Author + information
- Received January 2, 2011
- Revision received March 31, 2011
- Accepted April 21, 2011
- Published online July 1, 2011.
- Takashi Sugiki, MD, PhD⁎,
- Masanao Naya, MD, PhD†,⁎ (, )
- Osamu Manabe, MD‡,
- Satoru Wakasa, MD, PhD⁎,
- Suguru Kubota, MD, PhD⁎,
- Satoru Chiba, MD, PhD†,
- Hiroyuki Iwano, MD†,
- Satoshi Yamada, MD, PhD†,
- Keiichiro Yoshinaga, MD, PhD‡,
- Nagara Tamaki, MD, PhD‡,
- Hiroyuki Tsutsui, MD, PhD† and
- Yoshiro Matsui, MD, PhD⁎
- ↵⁎Reprint requests and correspondence:
Dr. Masanao Naya, Department of Cardiovascular Medicine, Hokkaido University Graduate School of Medicine, Kita 15, Nishi 7, Kita-ku, Sapporo 060-8638, Japan
Objectives The aim of this study was to investigate the effects of surgical ventricular reconstruction (SVR) on cardiac efficiency as a surrogate marker for cardiac function and oxidative metabolism in patients with severe heart failure.
Background Our new integrated overlapping left ventriculoplasty, modified SVR, combined with mitral complex reconstruction, reduce left ventricular (LV) volume associated with improvement of symptoms of heart failure.
Methods Twelve consecutive patients with end-stage heart failure due to nonischemic dilated cardiomyopathy (DCM) (n = 6) and ischemic dilated cardiomyopathy (ICM) (n = 6) who underwent SVR were studied.

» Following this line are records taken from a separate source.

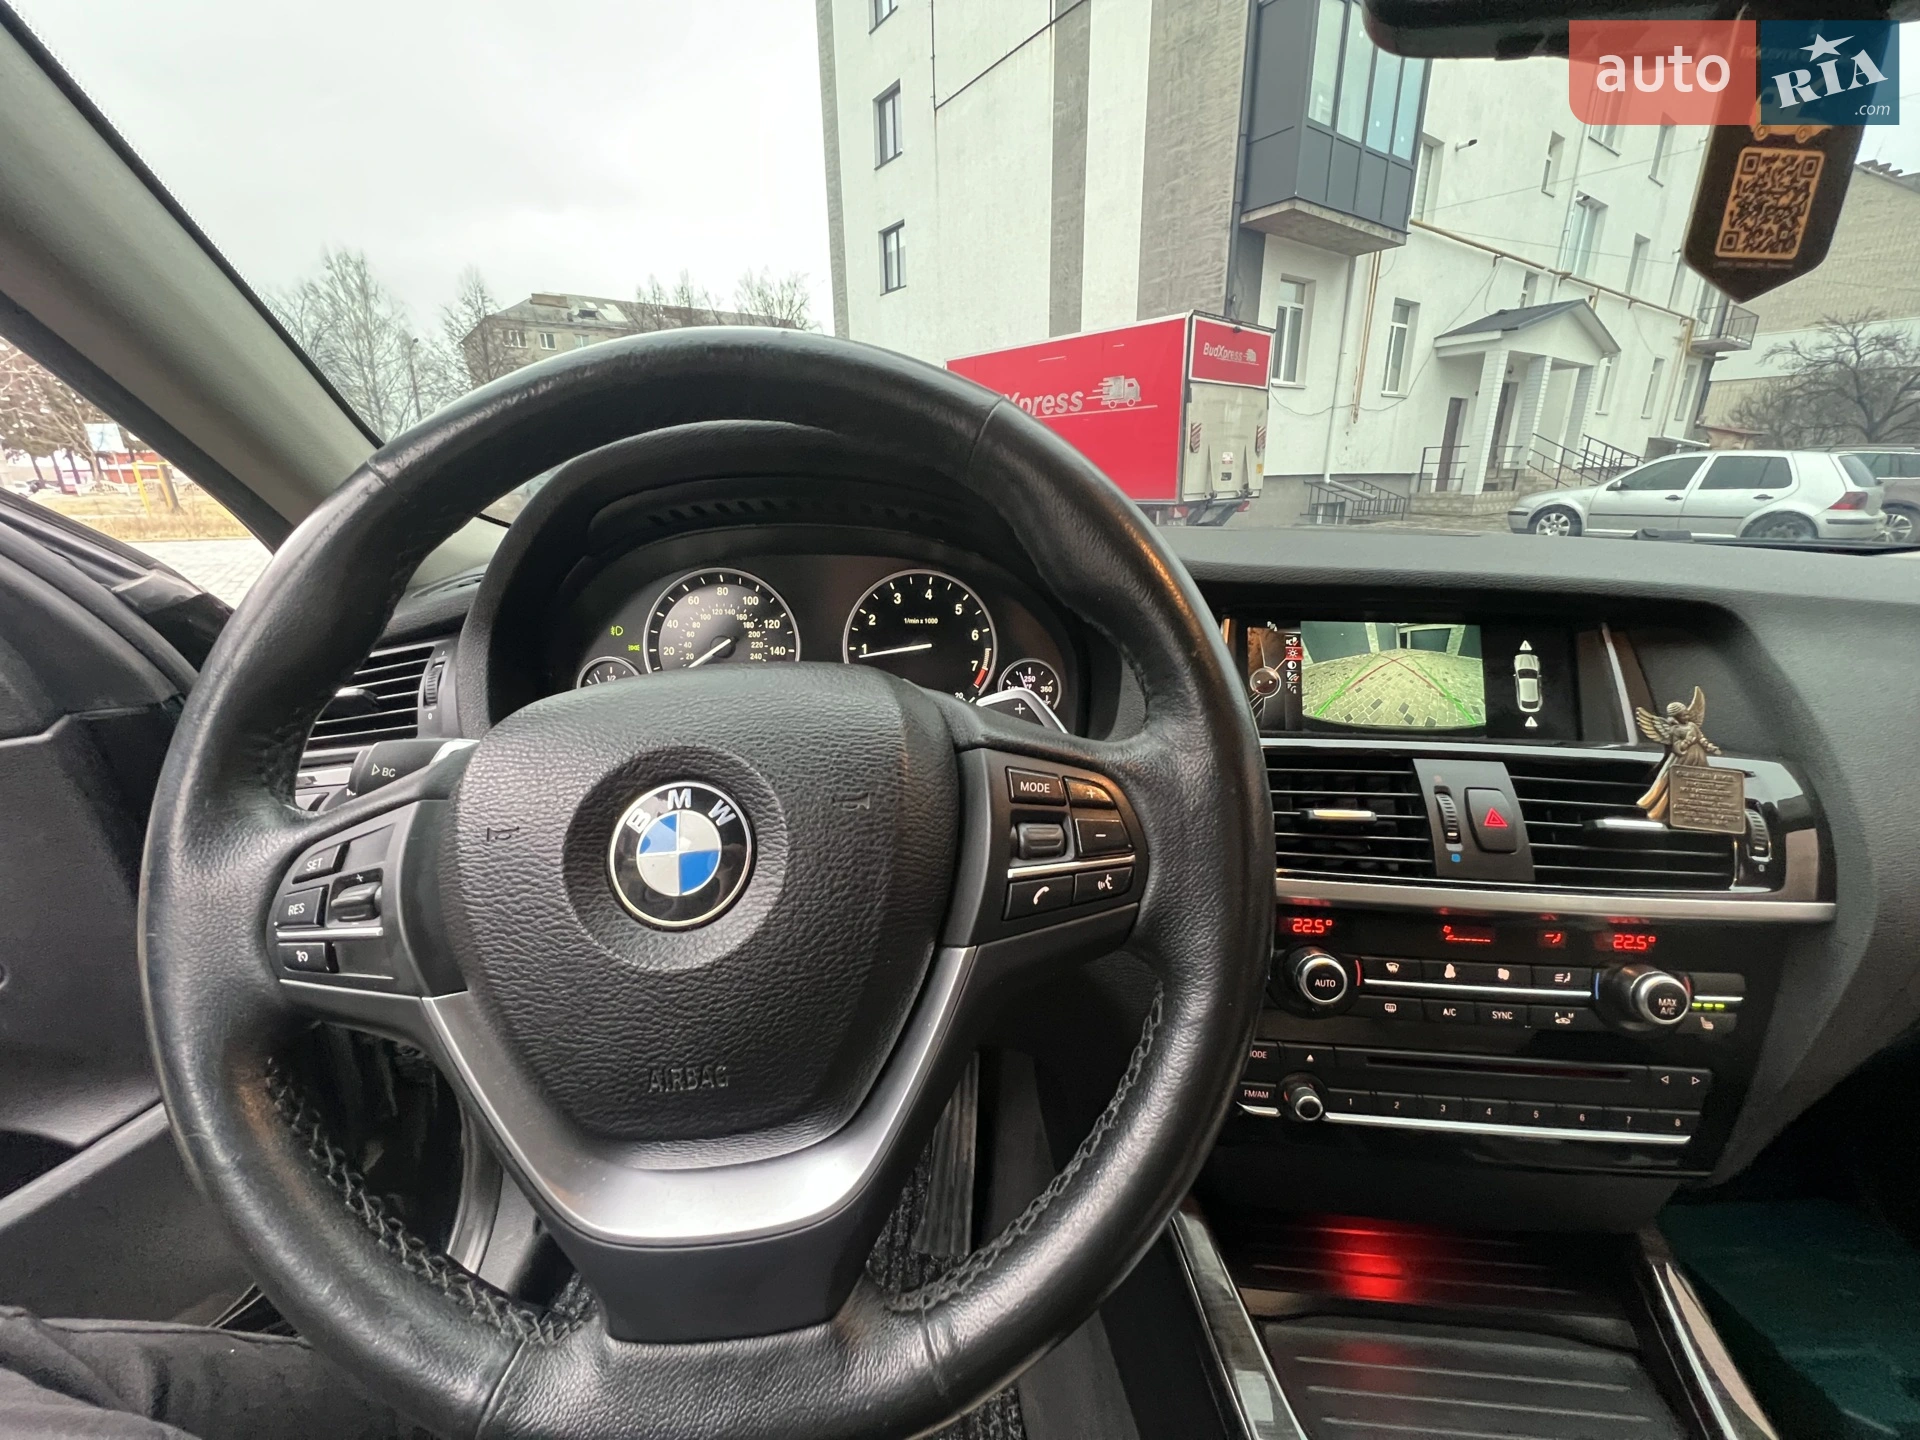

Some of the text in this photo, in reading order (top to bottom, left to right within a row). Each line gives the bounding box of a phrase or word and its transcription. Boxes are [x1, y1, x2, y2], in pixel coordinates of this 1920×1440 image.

[1203, 342, 1243, 361] BudXpress
[716, 587, 729, 596] 80
[925, 589, 933, 600] 4
[688, 596, 700, 605] 60
[742, 596, 759, 606] 100
[893, 593, 902, 605] 3
[712, 608, 723, 616] 120
[724, 608, 736, 616] 140
[955, 604, 963, 616] 5
[667, 619, 679, 629] 40
[692, 621, 701, 629] 80
[743, 621, 755, 629] 180
[764, 619, 780, 629] 120
[868, 614, 877, 626] 2
[904, 617, 920, 625] 1/min
[748, 630, 761, 638] 200
[971, 629, 980, 641] 6
[751, 640, 764, 649] 220
[861, 643, 868, 655] 1
[663, 646, 675, 656] 20
[769, 646, 786, 656] 140
[750, 653, 763, 661] 240
[970, 660, 979, 672] 7
[1023, 675, 1036, 683] 250
[381, 766, 396, 778] BC
[1020, 781, 1051, 794] MODE
[626, 788, 736, 834] BMW
[306, 857, 323, 872] SET
[288, 903, 305, 916] RES
[1314, 978, 1336, 988] AUTO
[1658, 998, 1677, 1008] MAX
[1442, 1007, 1457, 1017] A/C
[1492, 1010, 1513, 1021] SYNC
[1660, 1008, 1676, 1016] A/C
[1250, 1050, 1268, 1059] ODE
[648, 1065, 729, 1093] AIRBAG
[1244, 1089, 1269, 1099] FM/AM

Myocardial oxidative metabolism per gram of tissue was estimated by monoexponential clearance of 11C-acetate positron emission tomography (Kmono). Forward stroke volume at the LV outflow tract was measured by echocardiography. Cardiac efficiency was estimated by the ratio of external work (stroke volume at the LV outflow tract index × systolic blood pressure × heart rate) to Kmono before and 1 month after SVR.

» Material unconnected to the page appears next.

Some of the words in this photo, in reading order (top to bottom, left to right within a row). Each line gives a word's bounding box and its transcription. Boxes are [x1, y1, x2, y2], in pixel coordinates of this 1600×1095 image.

Results After SVR, medians of New York Heart Association functional class significantly improved from 3 to 1.5 (p < 0.01) in both DCM and ICM patients. End-systolic and end-diastolic volume and LV mass significantly decreased in both groups. Stroke volume at the LV outflow tract increased from 43 ± 8 ml to 52 ± 11 ml (p = 0.028) in DCM patients, but not in ICM patients (49 ± 21 ml to 59 ± 26 ml, p = 0.12). Kmono × LV mass, as an index of global LV oxidative metabolism, decreased in DCM patients (13.6 ± 1.9 g/min vs. 8.6 ± 1.5 g/min, p = 0.03) and ICM patients (12.0 ± 3.4 g/min vs. 9.2 ± 1.0 g/min, p = 0.06). As a result, cardiac efficiency increased in all patients with DCM (3.34 ± 0.46 × 10E6 vs. 4.74 ± 0.88 × 10E6 mm Hg·ml·min/m2, p = 0.03) and in 5 of 6 patients with ICM (4.54 ± 1.66 × 10E6 vs. 5.99 ± 2.11 × 10E6 mm Hg·ml·min/m2, p = 0.12).

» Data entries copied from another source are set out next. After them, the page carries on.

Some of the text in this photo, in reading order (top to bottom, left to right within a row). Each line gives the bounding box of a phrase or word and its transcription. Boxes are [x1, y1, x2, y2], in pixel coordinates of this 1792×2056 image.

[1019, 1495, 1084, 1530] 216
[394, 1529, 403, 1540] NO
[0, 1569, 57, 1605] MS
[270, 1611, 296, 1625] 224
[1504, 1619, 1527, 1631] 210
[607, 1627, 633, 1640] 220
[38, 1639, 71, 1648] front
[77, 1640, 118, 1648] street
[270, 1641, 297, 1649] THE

Conclusions Combined surgery with SVR and mitral complex reconstruction reduced LV volume in association with improvement of cardiac efficiency in patients with severe heart failure.
- cardiac efficiency
- cardiac heart failure
- cardiac positron emission tomography
- surgical ventricular reconstruction
Recent advances in medical treatment including angiotensin-converting enzyme inhibitors and β-blockers as well as cardiac resynchronization therapy have been shown to be effective at improving the symptoms and prognosis in patients with severe heart failure (1–3). Despite these standard therapies, the mortality rate in these patients is still high. Heart transplantation is the most effective surgical treatment for patients with refractory heart failure. The shortage of the donor hearts has necessitated the development of alternatives such as surgical ventricular reconstruction (SVR). We developed overlapping left ventriculoplasty (OLVP), modified SVR without resection of left ventricular (LV) muscle, and mitral complex reconstruction (MCR), which have been shown to improve the symptoms in end-stage heart failure patients (4,5).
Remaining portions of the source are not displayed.